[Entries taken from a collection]
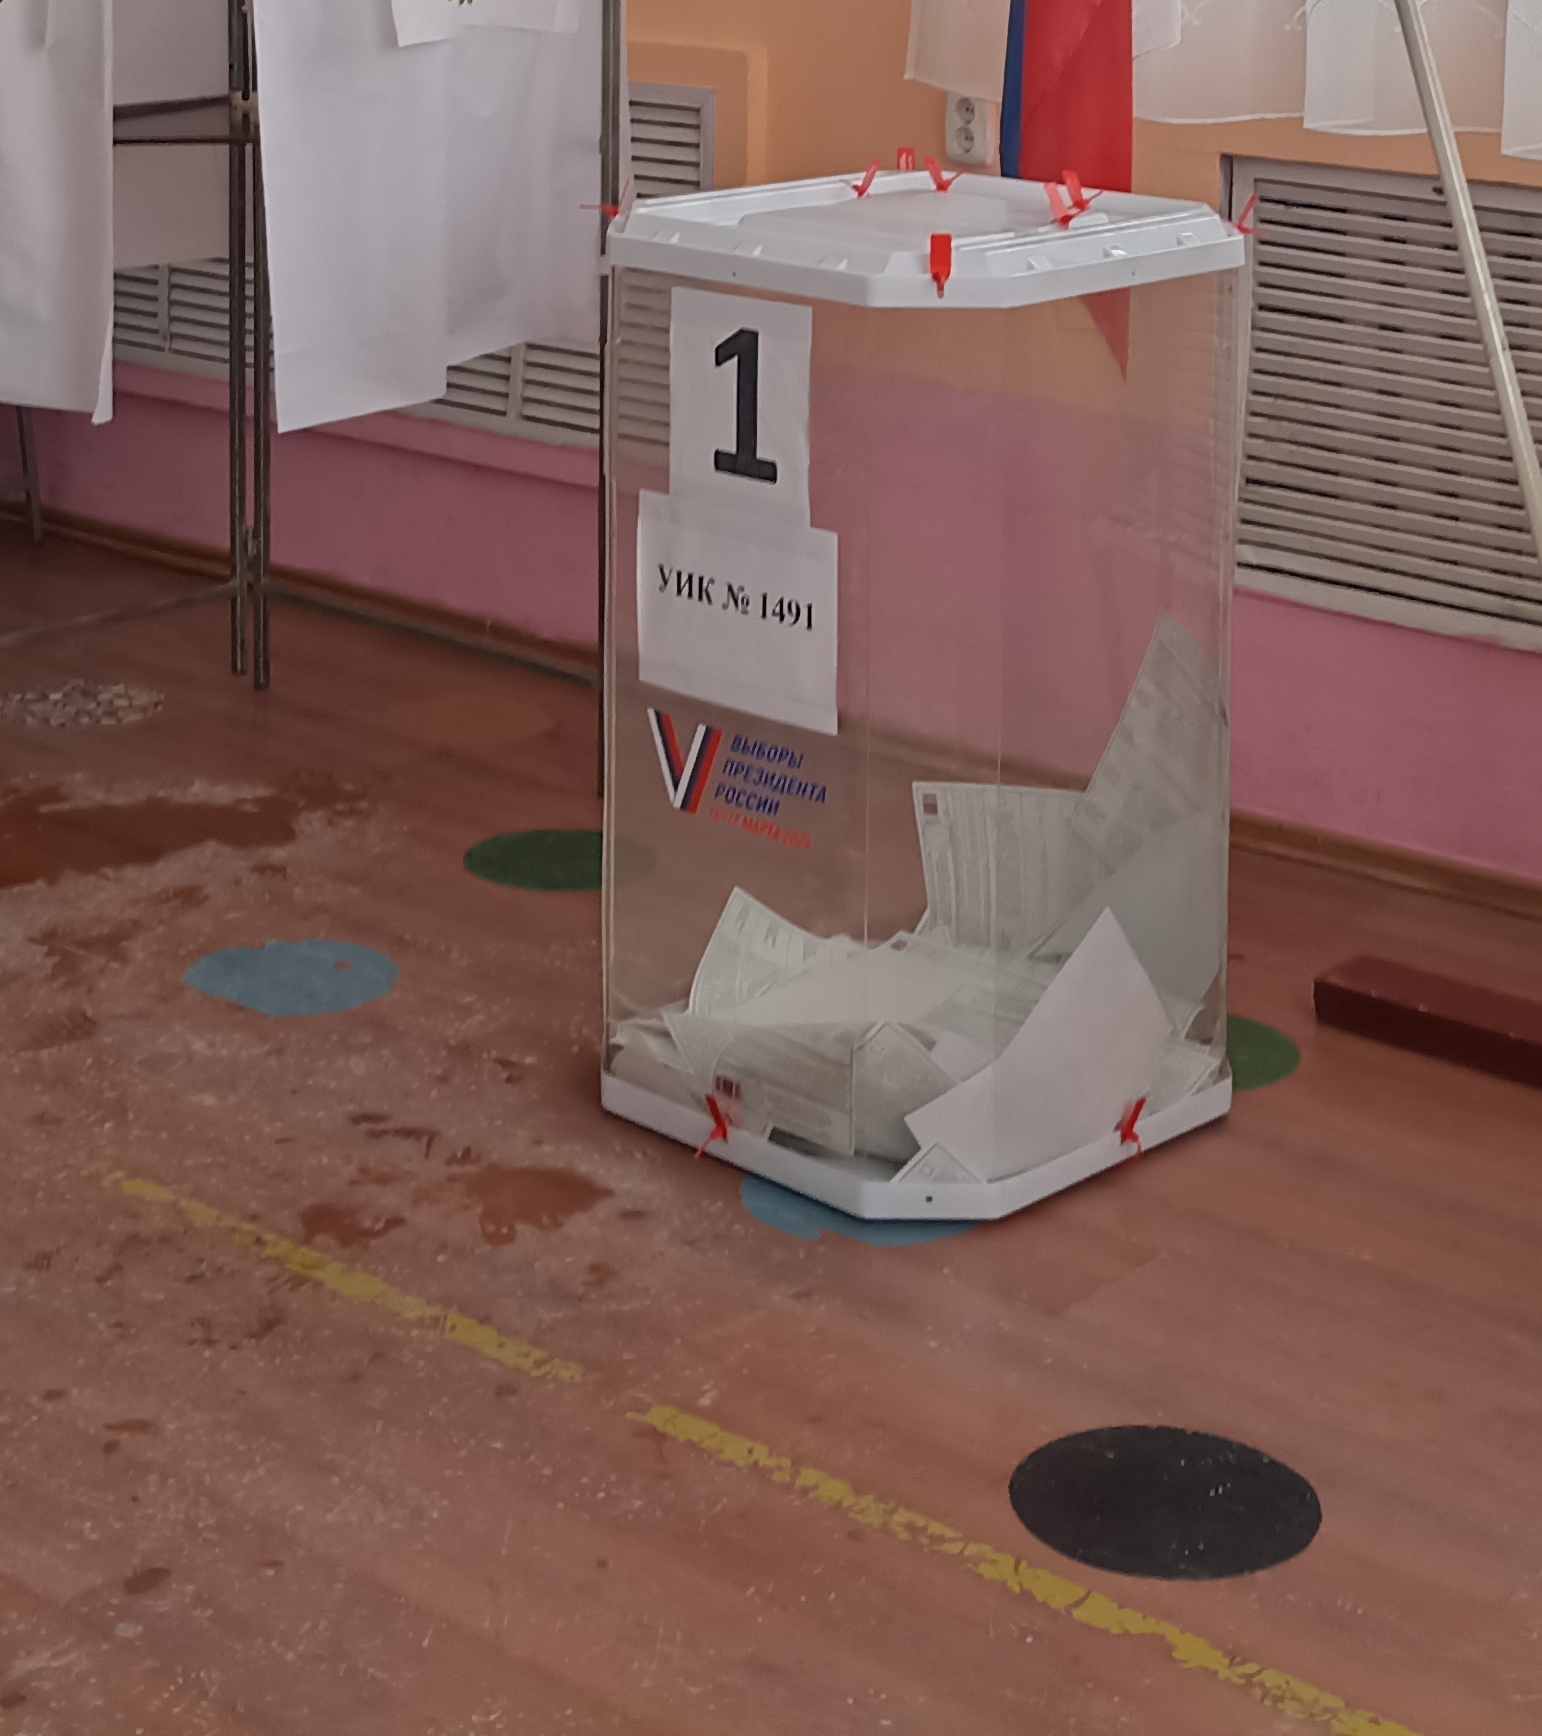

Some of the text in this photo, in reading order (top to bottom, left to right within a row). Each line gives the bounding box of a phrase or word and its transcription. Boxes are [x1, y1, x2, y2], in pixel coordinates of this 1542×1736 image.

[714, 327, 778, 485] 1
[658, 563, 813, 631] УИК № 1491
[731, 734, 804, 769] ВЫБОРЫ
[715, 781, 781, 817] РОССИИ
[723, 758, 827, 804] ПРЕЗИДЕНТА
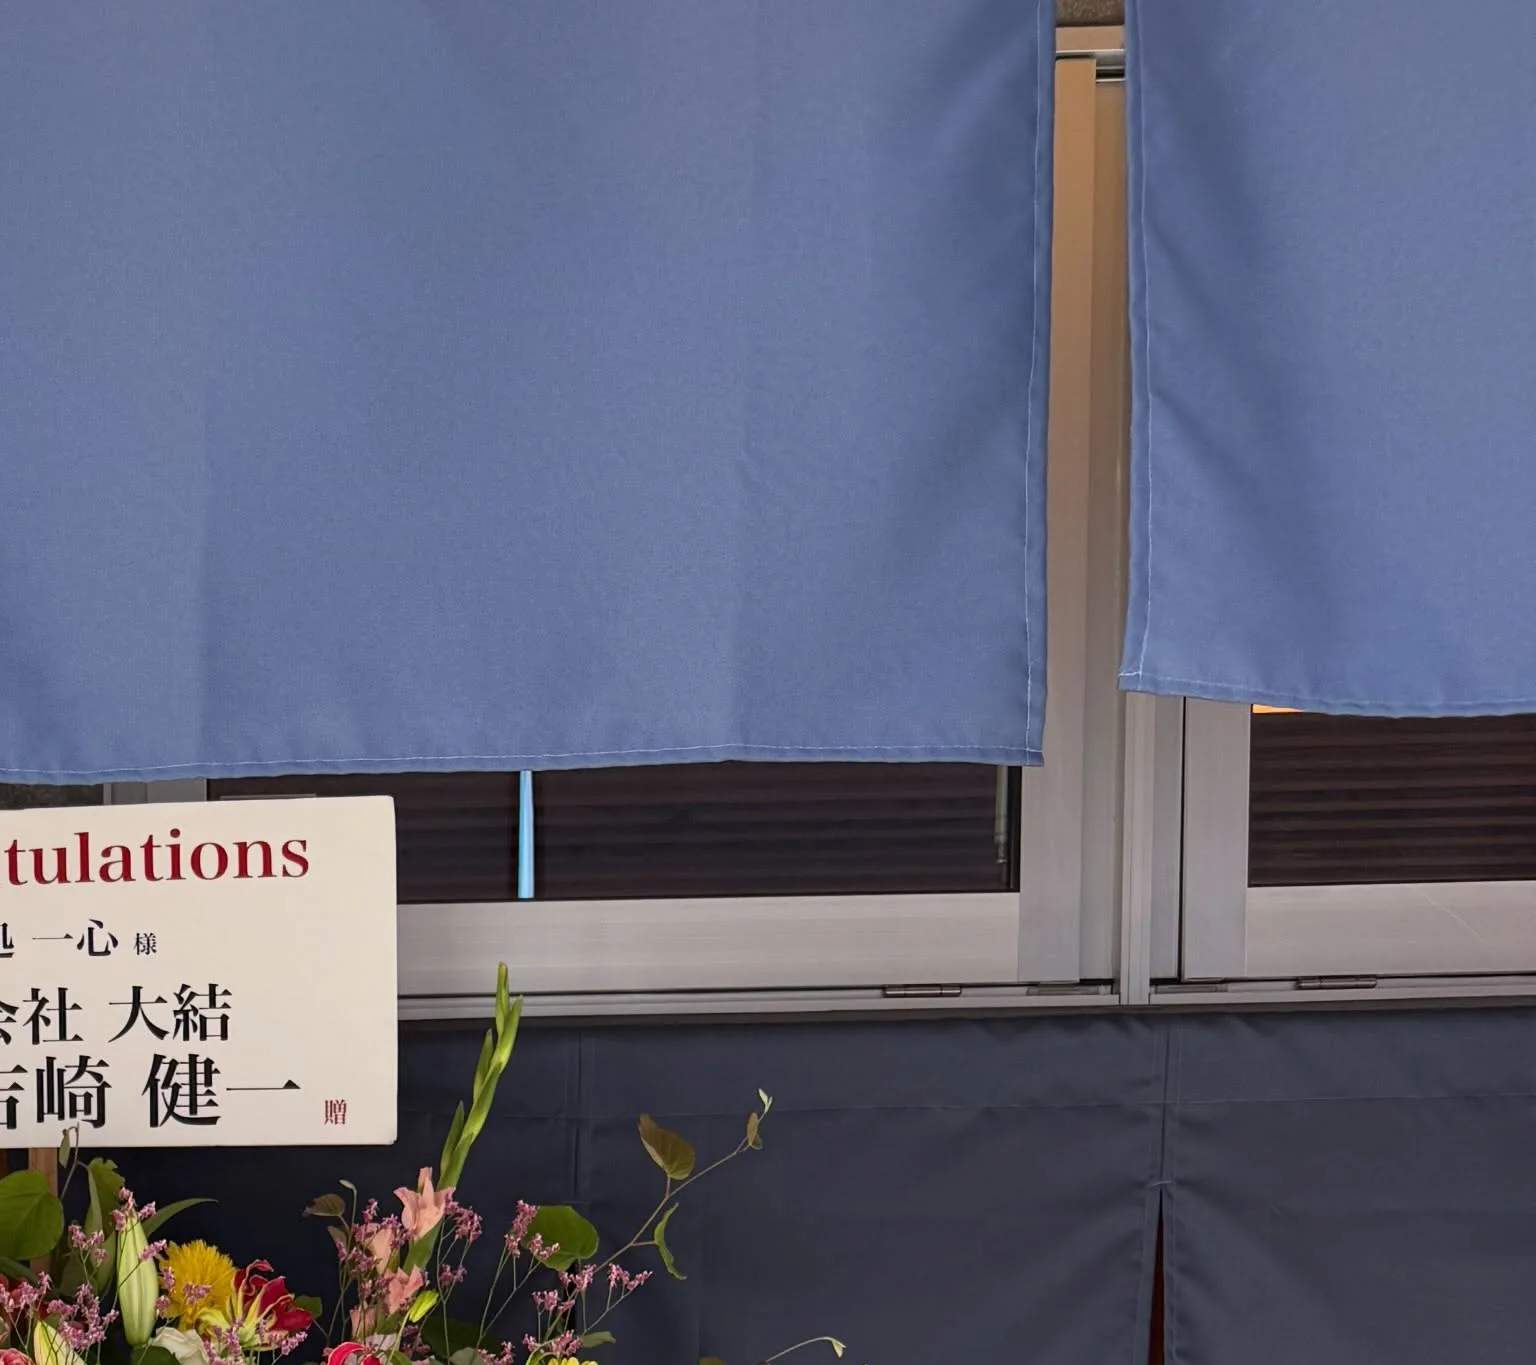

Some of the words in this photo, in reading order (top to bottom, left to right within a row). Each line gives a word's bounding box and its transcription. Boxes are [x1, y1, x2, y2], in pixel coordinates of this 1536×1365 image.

Exercise goal → Print each entry shown above with exact wording and no pictures.

Task output →
Some of the text in this photo, in reading order (top to bottom, left to right within a row). Each line gives the bounding box of a phrase or word and its transcription. Boxes are [x1, y1, x2, y2], in pixel coordinates of this 1542×1736 image.

[714, 327, 778, 485] 1
[658, 563, 813, 631] УИК № 1491
[731, 734, 804, 769] ВЫБОРЫ
[715, 781, 781, 817] РОССИИ
[723, 758, 827, 804] ПРЕЗИДЕНТА

Some of the words in this photo, in reading order (top to bottom, left to right within a row). Each line gives a word's bounding box and its transcription. Boxes are [x1, y1, x2, y2], in pixel coordinates of this 1536×1365 image.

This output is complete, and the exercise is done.